It’s not just the measurements of this giant that captivate, though, but the sacred atmosphere it emanates. As well as being the largest known Kauri tree in New Zealand, Tāne Mahuta is a symbol of great spiritual significance. The giant tree is visited and adored by local and international visitors alike, and is known to move many to tears. Standing in the shadow of this majestic being, it’s almost impossible to comprehend that many, many kauri trees were lost to logging in the 1820’s. They are a cornerstone of New Zealand native trees, and are one of the longest living trees in the world, living to thousands of years old.

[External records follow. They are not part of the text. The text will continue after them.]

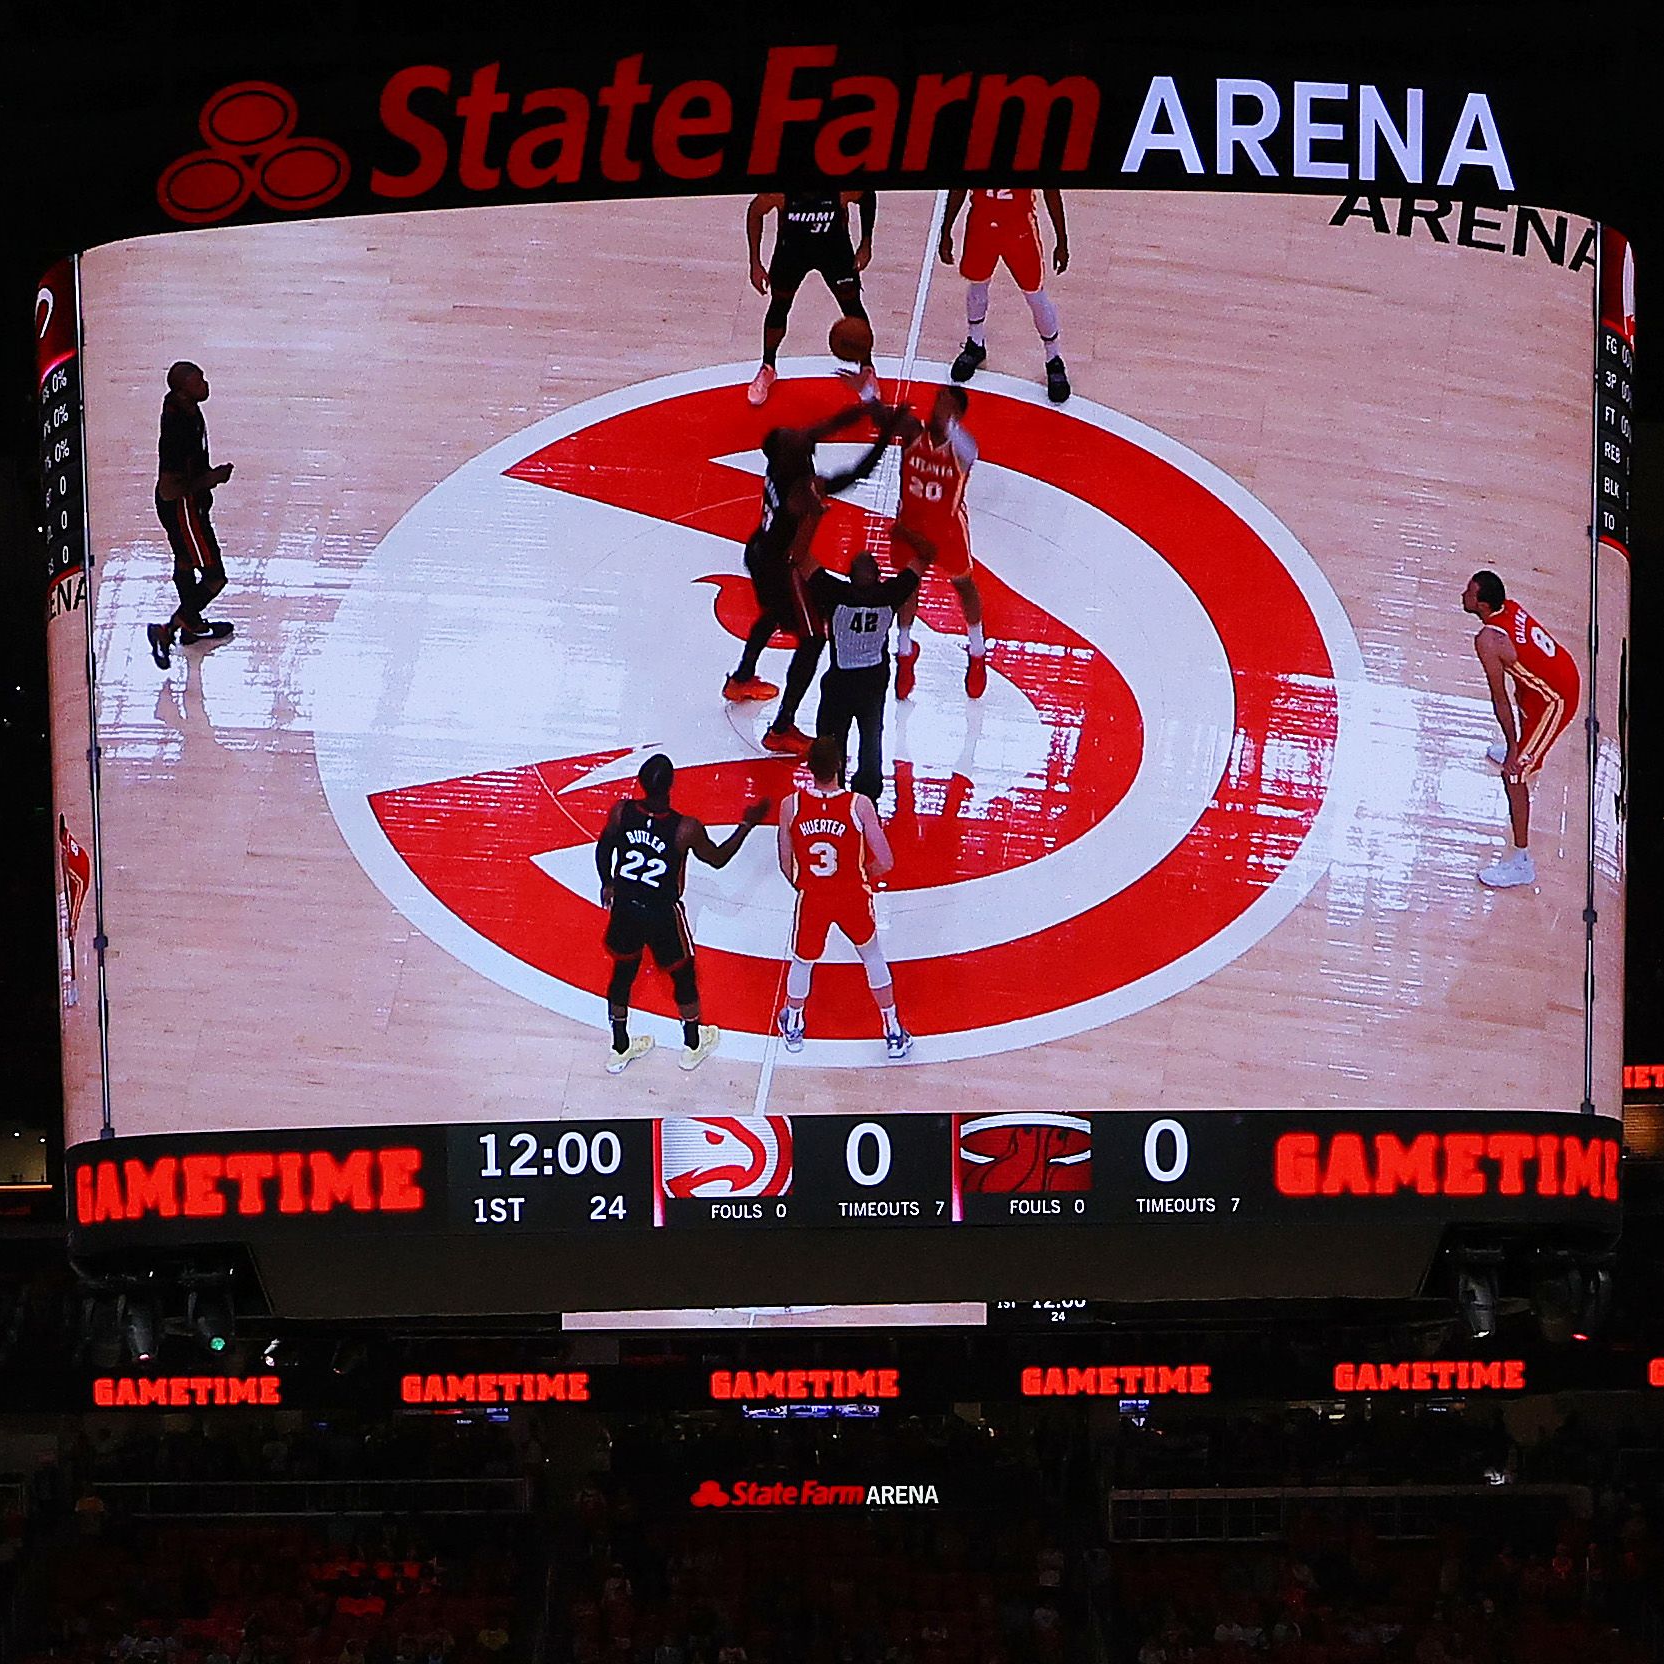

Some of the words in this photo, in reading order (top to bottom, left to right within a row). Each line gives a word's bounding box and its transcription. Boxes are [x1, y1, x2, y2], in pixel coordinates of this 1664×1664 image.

[1122, 76, 1514, 191] ARENA
[810, 222, 831, 233] 31
[1606, 335, 1617, 354] FG
[52, 368, 67, 392] 0%
[1605, 371, 1617, 389] 3P
[54, 403, 68, 427] 0%
[1605, 406, 1615, 425] FT
[54, 438, 70, 462] 0%
[1604, 442, 1620, 464] REB
[60, 476, 67, 495] 0
[909, 476, 942, 501] 20
[1604, 477, 1619, 499] BLK
[61, 511, 68, 529] 0
[1604, 512, 1615, 530] TO
[62, 546, 69, 563] 0
[849, 612, 879, 634] 42
[1531, 627, 1556, 658] 8
[799, 818, 847, 838] HUERTER
[625, 829, 667, 854] BUTLER
[619, 849, 668, 888] 22
[808, 841, 838, 877] 3
[479, 1130, 622, 1177] 12:00
[846, 1122, 891, 1186] 0
[1141, 1119, 1189, 1181] 0
[473, 1197, 526, 1223] 1ST
[590, 1195, 627, 1220] 24
[711, 1203, 763, 1219] FOULS
[775, 1203, 787, 1218] 0
[837, 1201, 920, 1217] TIMEOUTS
[935, 1200, 945, 1216] 7
[1009, 1199, 1061, 1215] FOULS
[1074, 1199, 1085, 1214] 0
[1135, 1197, 1216, 1213] TIMEOUTS
[1230, 1197, 1241, 1212] 7
[1050, 1311, 1066, 1322] 24
[711, 1369, 899, 1399] GAMETIME
[1021, 1365, 1211, 1396] GAMETIME
[1334, 1360, 1525, 1391] GAMETIME
[93, 1376, 281, 1406] GAMETIME
[401, 1372, 589, 1403] GAMETIME
[865, 1484, 940, 1505] ARENA
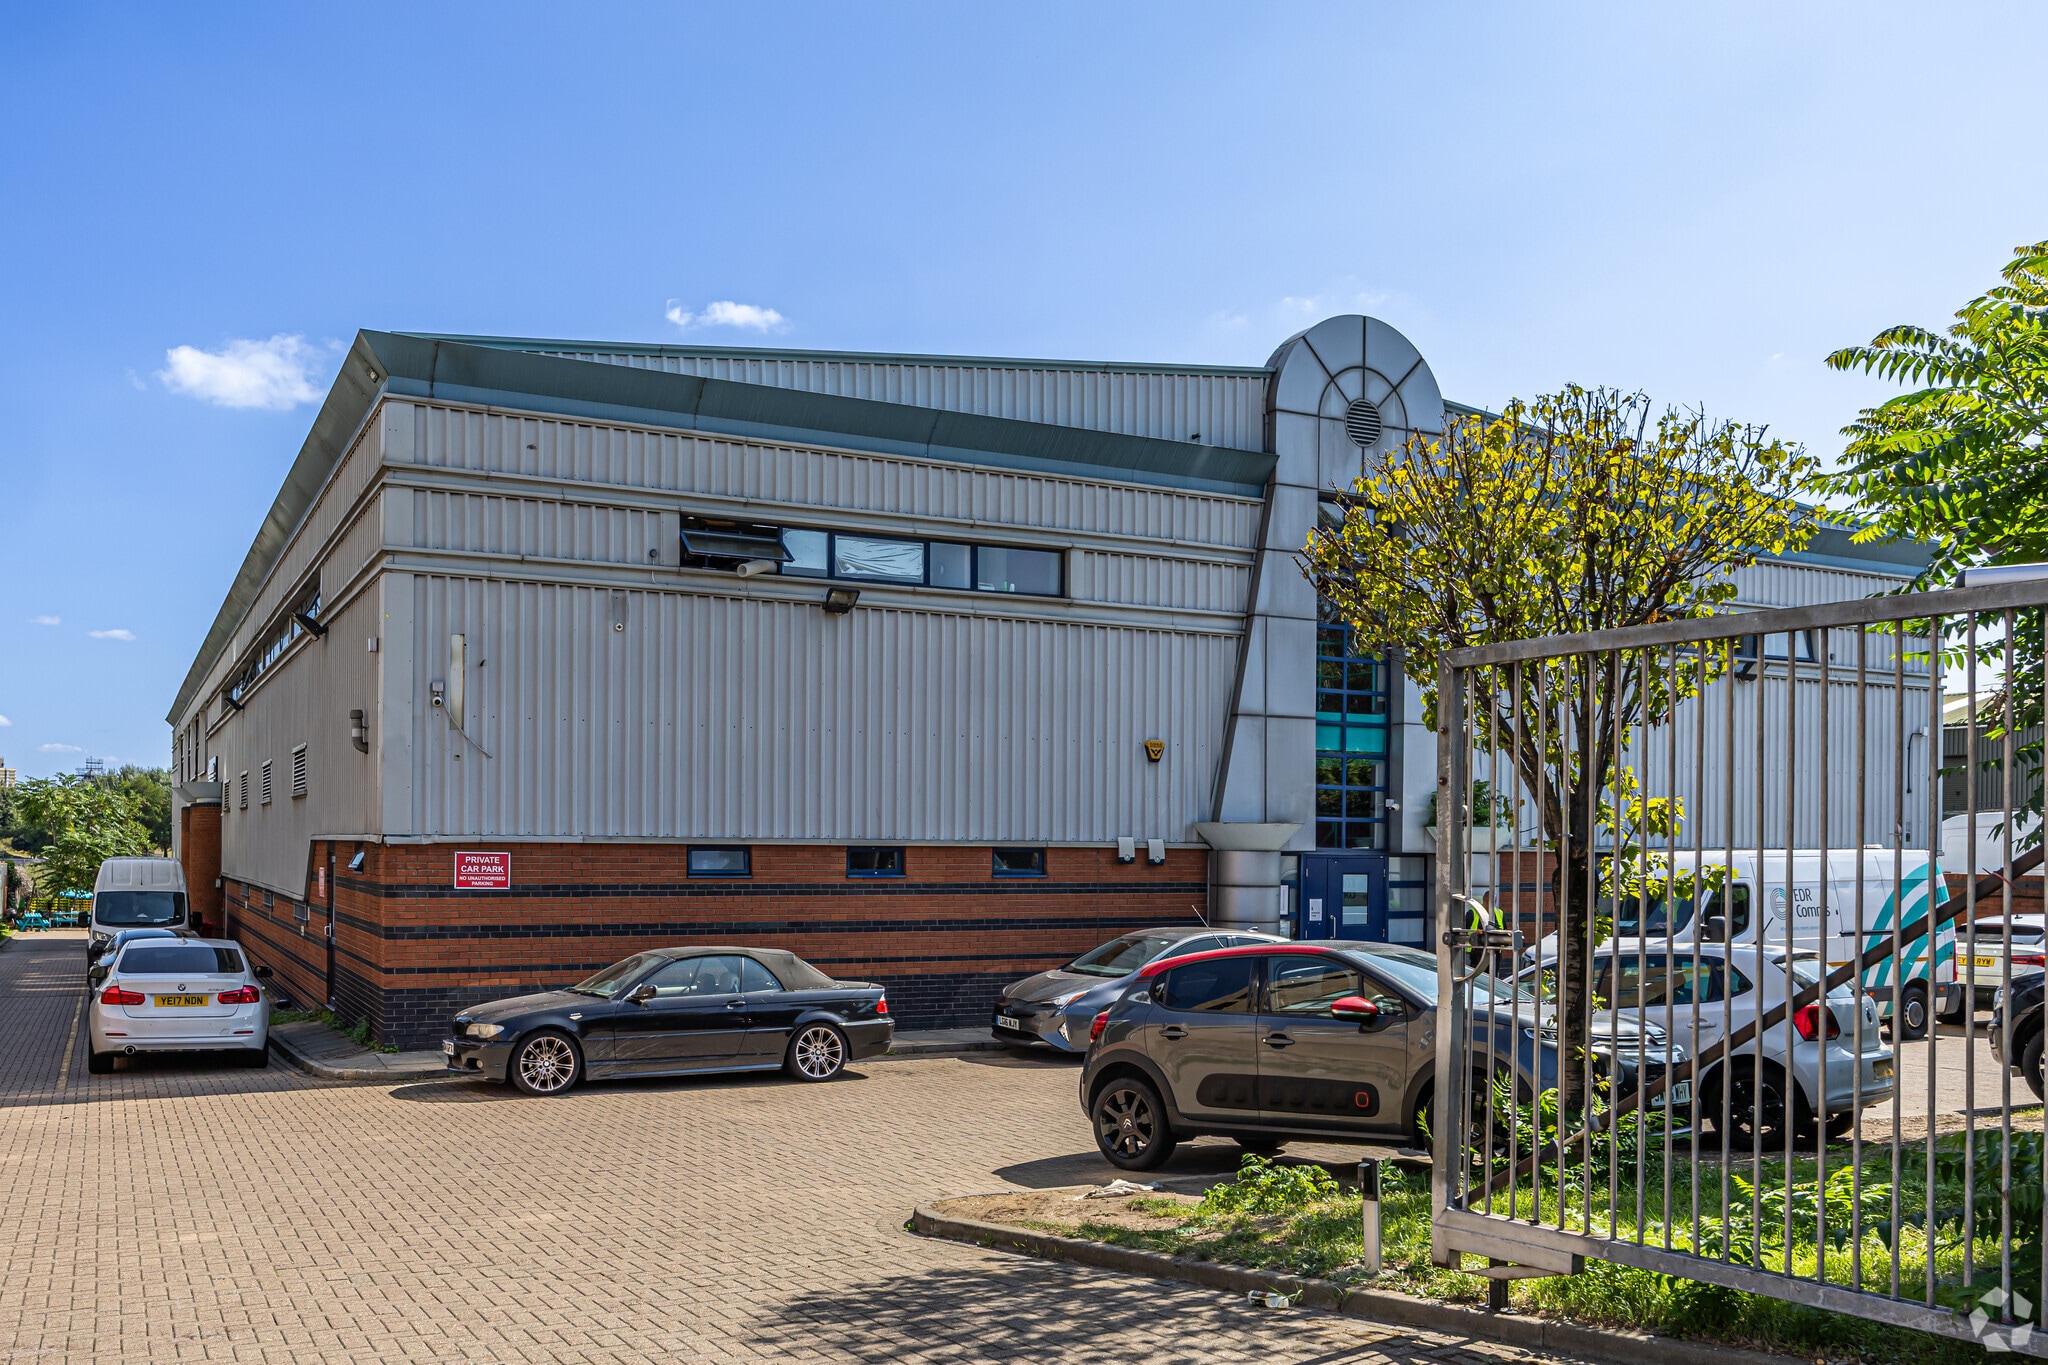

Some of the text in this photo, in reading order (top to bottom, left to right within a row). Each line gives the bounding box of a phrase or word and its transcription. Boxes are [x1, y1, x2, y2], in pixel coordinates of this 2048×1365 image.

[460, 865, 504, 873] CAR PARK
[1793, 888, 1813, 902] EDR
[160, 996, 203, 1005] YE17 NDN

Tāne Mahuta had been occupying his space in the Waipoua (Te Matua Ngahere) forest on the west coast of Northland for a long, long time before European arrival, but in 1928, Nicholas Yakas and other bushmen identified the tree. They were building the road through the Waipoua forest, known now as State Highway 12, and the tree was spared felling.


So why is Tāne Mahuta important?

It’s one thing to explain the importance of a tree like this; by the size of its trunk girth, its sheer volume and the space it takes up in the forest. But the best way to understand the significance of Tāne Mahuta is to the feel it. The mighty giant is of huge spiritual significance to Māori people, and is named after Tāne, a god who plays a big role in the the Māori creation myth.

What is Tāne Mahuta the god of?

It’s fitting that the lord of the forest be named after a Maori god. Tāne is the son of Ranginui, Sky Father, and Papatuanuku, Earth Mother. Before there was light and life, the two were locked in an loving embrace. Tane pushed his parents apart, creating the world as we know it, and set about clothing his earth mother in forest. All of the living creatures in the forest are thought to be Tāne’s children, so watch where you step!

How old is Tane Mahuta?

Tane Mahuta is thought to be between 1,250 years and 2,500 years old. So he’s been around a while, and is a beautiful reminder of the ancient subtropical native rainforest that once covered this region north of Auckland.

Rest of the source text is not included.